▶ Task goal
In your copy, each record should read exactly as it does below, and no pictures should be present.

▶ Information provided
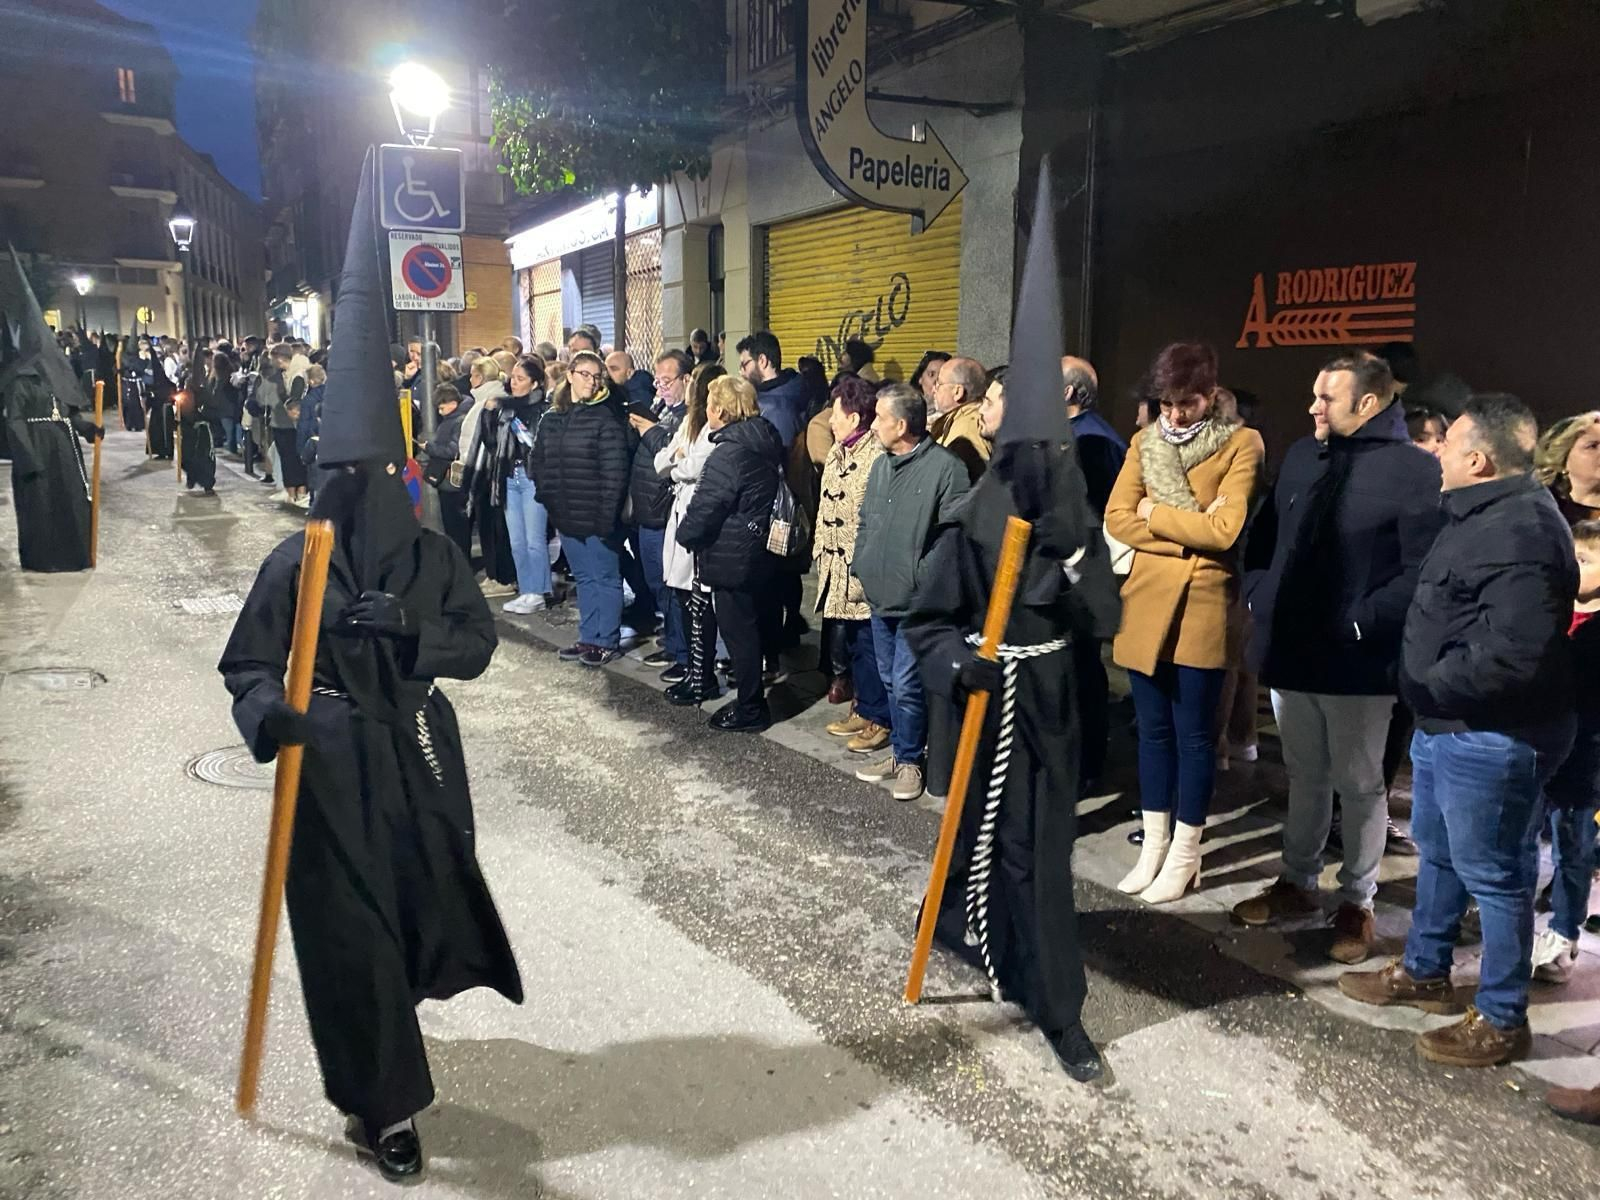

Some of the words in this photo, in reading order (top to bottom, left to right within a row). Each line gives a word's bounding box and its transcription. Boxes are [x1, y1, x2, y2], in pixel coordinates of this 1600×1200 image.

[812, 0, 863, 78] libreri
[815, 59, 863, 141] ANGELO
[849, 147, 950, 191] Papeleria
[391, 233, 422, 241] RESERVADO
[1235, 272, 1273, 348] A
[1275, 262, 1417, 305] RODRIGUEZ
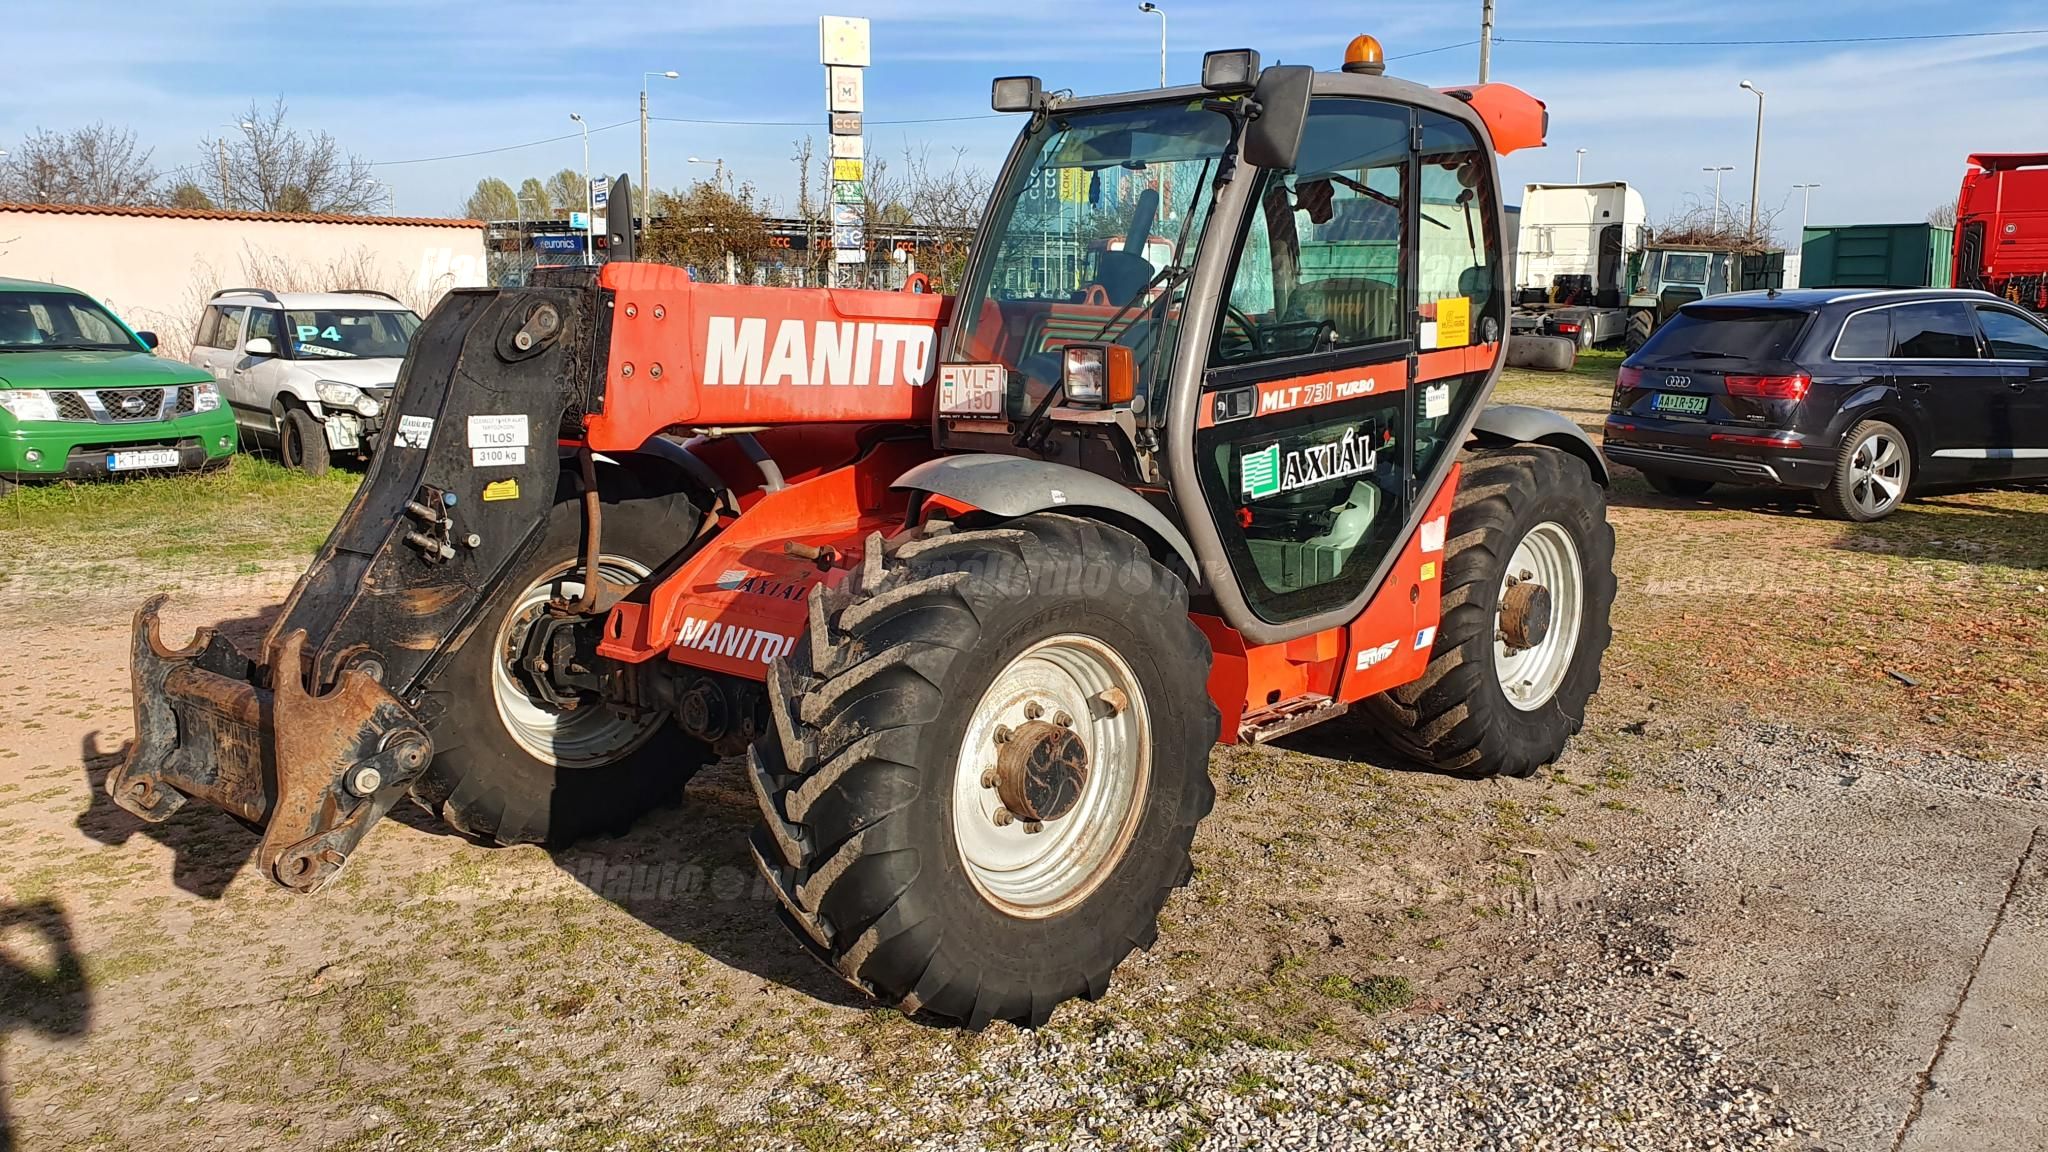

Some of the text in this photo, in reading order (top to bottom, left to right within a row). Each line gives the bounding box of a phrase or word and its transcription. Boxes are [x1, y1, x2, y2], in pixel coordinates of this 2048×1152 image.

[835, 118, 860, 130] CCC
[544, 240, 575, 249] euronics
[896, 242, 916, 252] CCC
[296, 325, 342, 342] P4
[962, 368, 995, 389] YLF
[943, 390, 953, 404] H
[966, 391, 992, 410] 150
[1261, 378, 1375, 412] MLT 731 TURBO
[1659, 395, 1705, 410] AA IR-571
[483, 433, 515, 443] TILOS!
[118, 452, 176, 466] KTH-904
[479, 450, 517, 462] 3100 kg
[1282, 427, 1376, 489] AXIÁL

▶ Response area
Some of the words in this photo, in reading order (top to bottom, left to right within a row). Each line gives a word's bounding box and its transcription. Boxes are [x1, y1, x2, y2], in pixel coordinates of this 1600×1200 image.

[812, 0, 863, 78] libreri
[815, 59, 863, 141] ANGELO
[849, 147, 950, 191] Papeleria
[391, 233, 422, 241] RESERVADO
[1235, 272, 1273, 348] A
[1275, 262, 1417, 305] RODRIGUEZ

Some of the text in this photo, in reading order (top to bottom, left to right within a row). Each line gives the bounding box of a phrase or word and its transcription. Boxes are [x1, y1, x2, y2], in pixel coordinates of this 2048×1152 image.

[835, 118, 860, 130] CCC
[544, 240, 575, 249] euronics
[896, 242, 916, 252] CCC
[296, 325, 342, 342] P4
[962, 368, 995, 389] YLF
[943, 390, 953, 404] H
[966, 391, 992, 410] 150
[1261, 378, 1375, 412] MLT 731 TURBO
[1659, 395, 1705, 410] AA IR-571
[483, 433, 515, 443] TILOS!
[118, 452, 176, 466] KTH-904
[479, 450, 517, 462] 3100 kg
[1282, 427, 1376, 489] AXIÁL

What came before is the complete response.